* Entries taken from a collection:

----------------

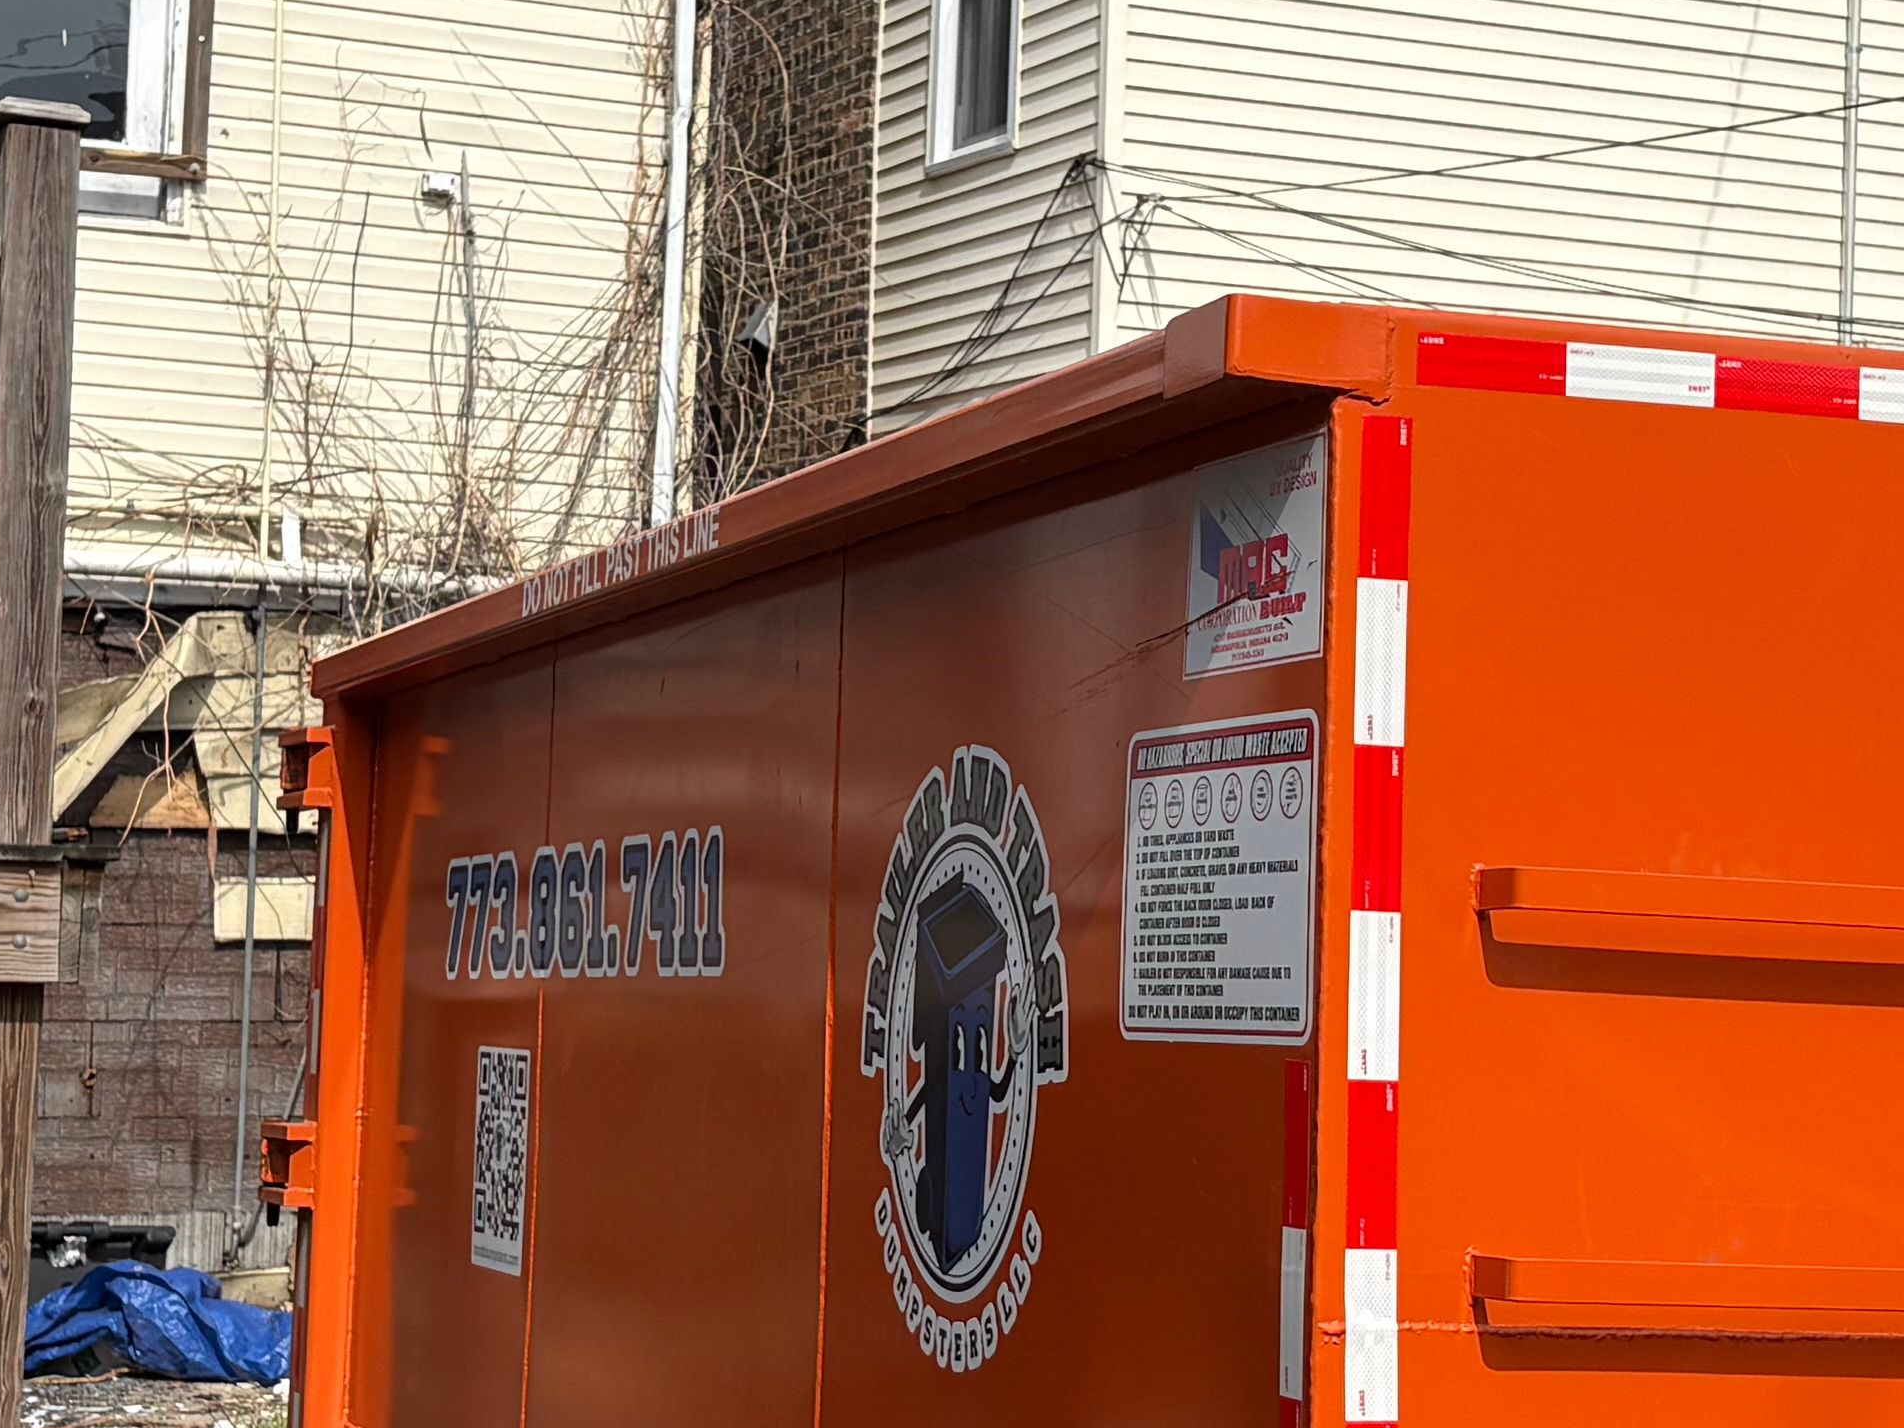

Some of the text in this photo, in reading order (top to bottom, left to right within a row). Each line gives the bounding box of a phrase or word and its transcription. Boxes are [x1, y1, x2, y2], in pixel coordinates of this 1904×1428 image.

[1269, 470, 1317, 496] BY DESIGN
[1276, 452, 1312, 476] QUALITY
[522, 507, 721, 618] DO NOT FILL PAST THIS LINE
[1217, 533, 1288, 603] MAC
[1260, 592, 1306, 620] BUILT
[950, 751, 1007, 837] AND
[447, 830, 724, 977] 773.861.7411
[865, 769, 944, 1073] TRAILER
[1007, 787, 1066, 1078] TRASH
[877, 1190, 1041, 1370] DUMPSTERS LLC
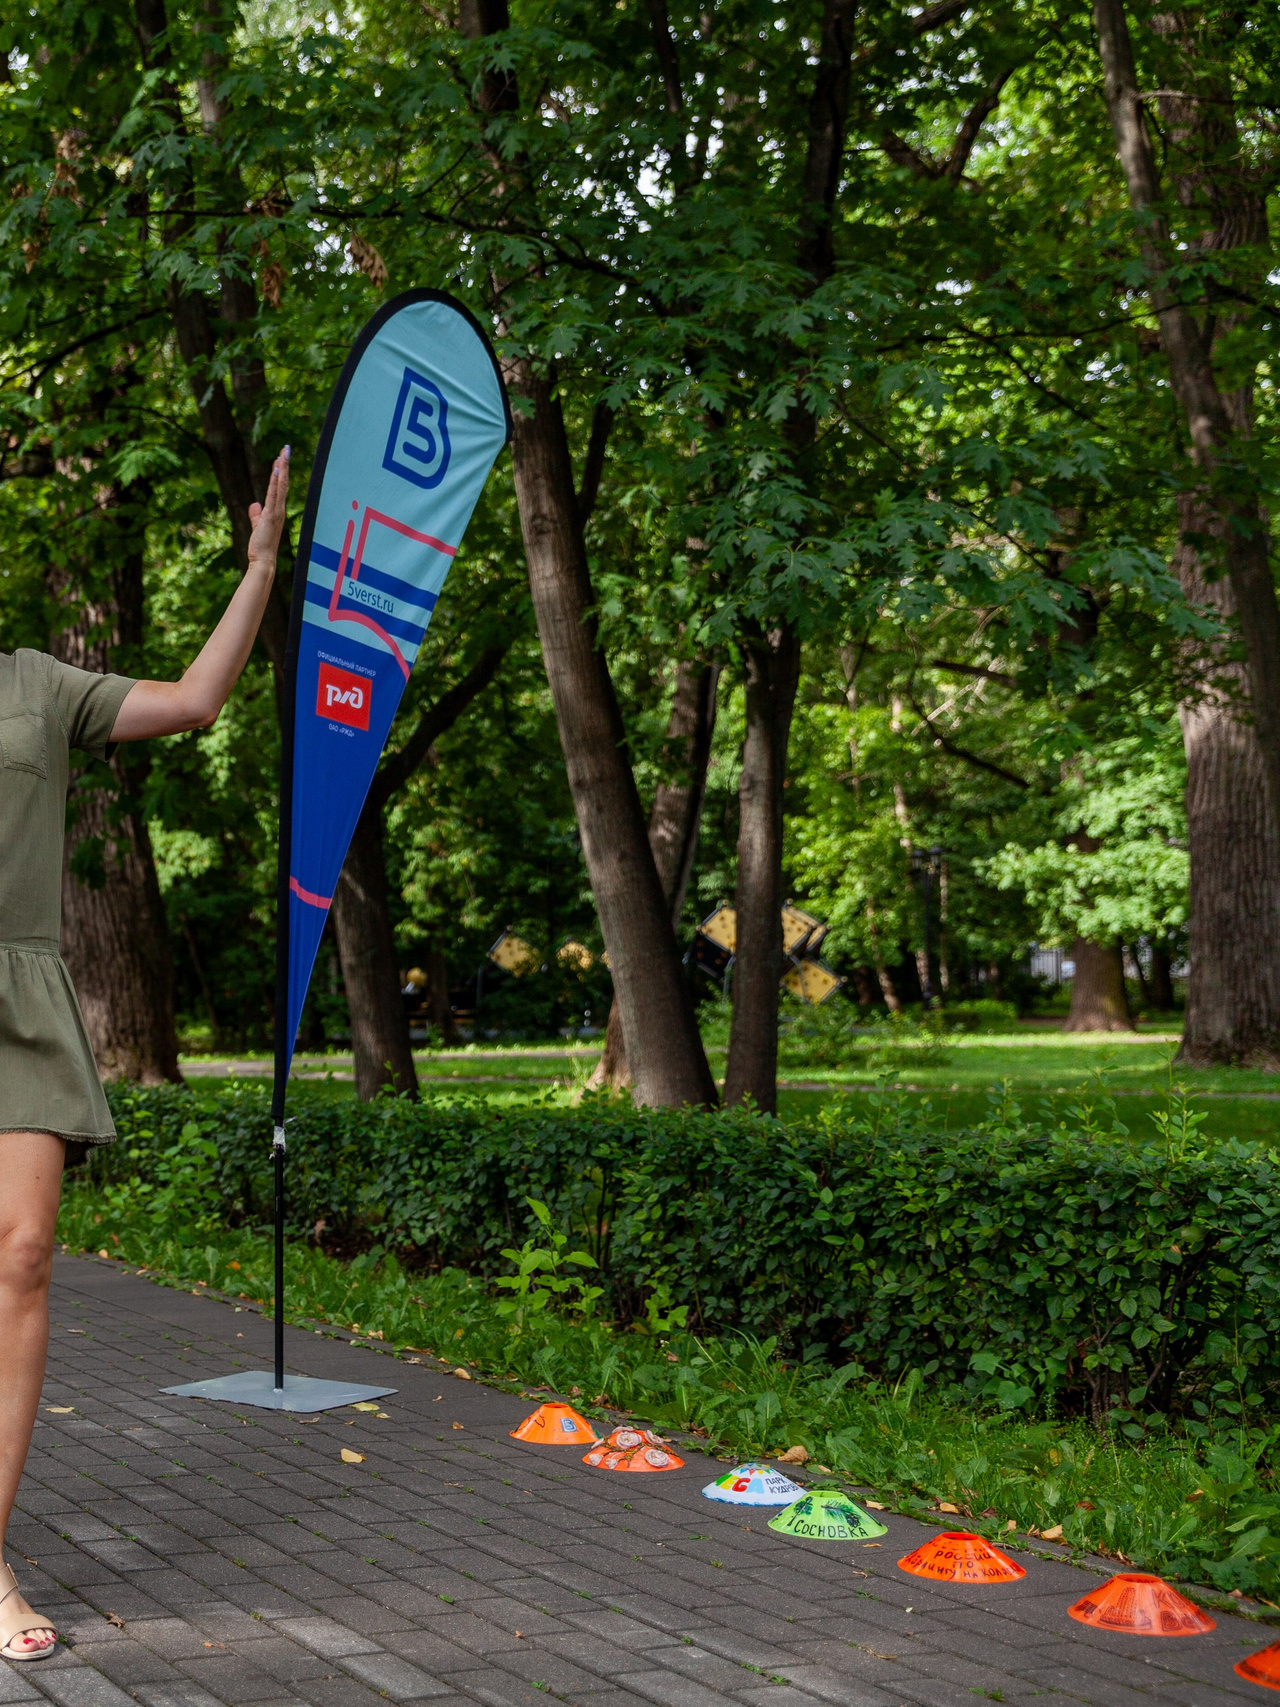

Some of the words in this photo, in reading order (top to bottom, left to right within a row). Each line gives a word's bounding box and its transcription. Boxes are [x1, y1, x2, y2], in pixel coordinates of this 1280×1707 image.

[348, 581, 395, 613] 5verst.ru
[355, 664, 377, 677] ПАРТНЕР
[793, 1519, 869, 1539] СОСНОВКА

----------------

* What you will do:
Exactly as given, transcribe every line of the data, but not its images.

* Written answer:
Some of the text in this photo, in reading order (top to bottom, left to right within a row). Each line gives the bounding box of a phrase or word and its transcription. Boxes are [x1, y1, x2, y2], in pixel coordinates of this 1904×1428 image.

[1269, 470, 1317, 496] BY DESIGN
[1276, 452, 1312, 476] QUALITY
[522, 507, 721, 618] DO NOT FILL PAST THIS LINE
[1217, 533, 1288, 603] MAC
[1260, 592, 1306, 620] BUILT
[950, 751, 1007, 837] AND
[447, 830, 724, 977] 773.861.7411
[865, 769, 944, 1073] TRAILER
[1007, 787, 1066, 1078] TRASH
[877, 1190, 1041, 1370] DUMPSTERS LLC

Some of the words in this photo, in reading order (top to bottom, left to right within a row). Each line gives a word's bounding box and its transcription. Boxes are [x1, y1, x2, y2], in pixel coordinates of this 1280×1707 image.

[348, 581, 395, 613] 5verst.ru
[355, 664, 377, 677] ПАРТНЕР
[793, 1519, 869, 1539] СОСНОВКА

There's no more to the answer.